Additionally, agreements made for "low-cost" delivery packages by the boards were no longer needed, so again, they no longer exist. And finally, in public hospitals, deliveries decreased by about 50 percent as women chose more convenient community hospitals.
As your article stated, many pregnant women will walk into a strange emergency room, putting themselves and their babies at risk and posing a challenge for staff. Surely the compassionate folk of Georgia do not want this to happen. Let's let our legislators know we care about Georgia babies. Encourage them to find the money for Medicaid.

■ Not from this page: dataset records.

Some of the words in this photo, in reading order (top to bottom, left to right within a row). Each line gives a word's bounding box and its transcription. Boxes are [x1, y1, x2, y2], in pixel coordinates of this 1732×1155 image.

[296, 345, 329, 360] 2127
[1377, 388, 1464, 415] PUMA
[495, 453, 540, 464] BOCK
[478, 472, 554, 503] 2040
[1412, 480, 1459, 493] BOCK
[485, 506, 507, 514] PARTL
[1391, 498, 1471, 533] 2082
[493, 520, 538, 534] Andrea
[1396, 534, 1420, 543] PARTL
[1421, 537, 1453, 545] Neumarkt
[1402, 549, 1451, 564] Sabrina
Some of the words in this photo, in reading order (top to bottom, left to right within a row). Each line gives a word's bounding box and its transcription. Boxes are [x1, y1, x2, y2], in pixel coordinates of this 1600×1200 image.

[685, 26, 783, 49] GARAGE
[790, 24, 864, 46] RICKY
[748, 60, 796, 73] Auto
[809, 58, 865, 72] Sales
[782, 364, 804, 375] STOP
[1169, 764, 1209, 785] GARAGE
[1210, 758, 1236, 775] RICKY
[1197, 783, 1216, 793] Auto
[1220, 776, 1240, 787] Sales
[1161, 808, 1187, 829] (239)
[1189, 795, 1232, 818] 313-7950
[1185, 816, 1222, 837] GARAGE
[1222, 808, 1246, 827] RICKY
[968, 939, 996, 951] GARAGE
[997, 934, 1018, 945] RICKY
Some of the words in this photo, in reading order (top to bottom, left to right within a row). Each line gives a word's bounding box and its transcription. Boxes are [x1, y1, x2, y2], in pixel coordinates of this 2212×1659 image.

-- Carolyn Wetzel, president
Healthy Mothers, Healthy Babies Coalition of Georgia
DEPARTMENT OF CORRECTIONS
A Sound Menu blurb in last week's issue confused a local band named Candy from Strangers with a San Francisco-based group of the same name. The Atlanta band, which plays original pop-rock, performed March 13 at Smith's Olde Bar. The San Francisco band, which plays '80s pop, performs June 11 at 10 High in Atlanta.
Due to a production error, CL published an incorrect photo for "Scalawag of the Week" in last week's issue. The photo should have been of state Sen. Casey Cagle, R-Gainesville.